In VN’s novel Podvig (“Glory,” 1932) Martin tells Sonia about Horace:


Но Соня, Соня... От ночных мыслей об экспедиции, от литературных бесед с Бубновым, от ежедневных трудов на теннисе, он снова и снова к ней возвращался, подносил для нее спичку к газовой плите, где сразу, с сильным пыхом, выпускал все когти голубой огонь.

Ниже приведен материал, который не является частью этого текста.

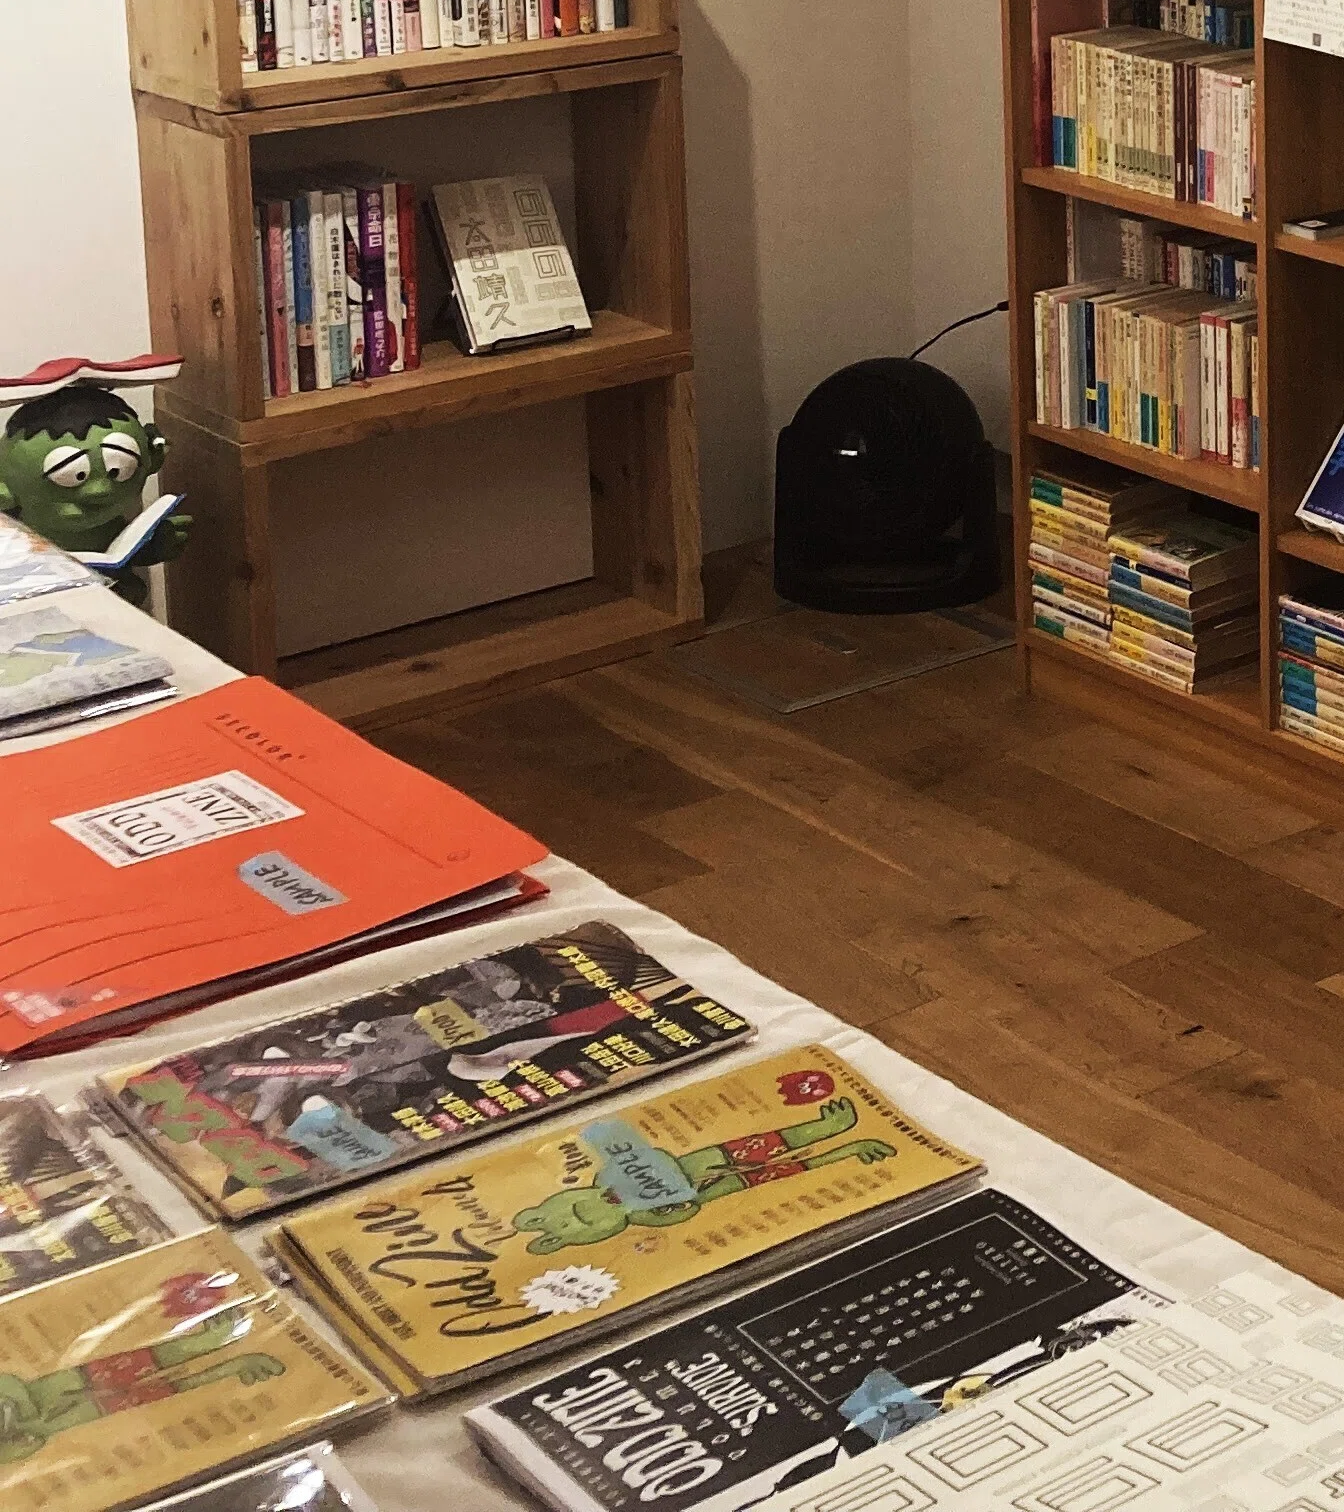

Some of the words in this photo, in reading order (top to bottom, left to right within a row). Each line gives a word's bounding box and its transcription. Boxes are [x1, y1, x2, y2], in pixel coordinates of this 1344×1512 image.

Говорить с ней о любви было бесполезно, но однажды, провожая ее домой из кафе, где они тянули сквозь соломинки шведский пунш под скрипичный вой румына, он почувствовал такую нежность от теплоты ночи, и от того, что в каждом подъезде стояла неподвижная чета, - так подействовали на него их смех и шепот, и внезапное молчание, - и сумрачное колыхание сирени в палисадниках, и диковинные тени, которыми свет фонаря оживлял леса обновлявшегося дома, - что внезапно он забыл обычную выдержку, обычную боязнь быть поднятым Соней на зубки, - и чудом заговорил - и о чем? - о Горации... Да, Гораций жил в Риме, а Рим походил на большую деревню, где, впрочем, немало было мраморных зданий, но тут же гнались за бешеной собакой, тут же хлюпала в грязи свинья с чёрными своими поросятами, - и всюду строили, стучали плотники, громыхая, проезжала телега с лигурийским мрамором или огромной сосной, - но к вечеру стук затихал, как затихал в сумерки Берлин, и напоследок гремели железные цепи запираемых на ночь лавок, совсем, как гремели, спускаясь, ставни лавок берлинских, и Гораций шел на Марсово поле, тщедушный, но с брюшком, лысый и ушастый, в неряшливой тоге, и слушал нежный шепот бесед под портиками, прелестный смех в тёмных углах.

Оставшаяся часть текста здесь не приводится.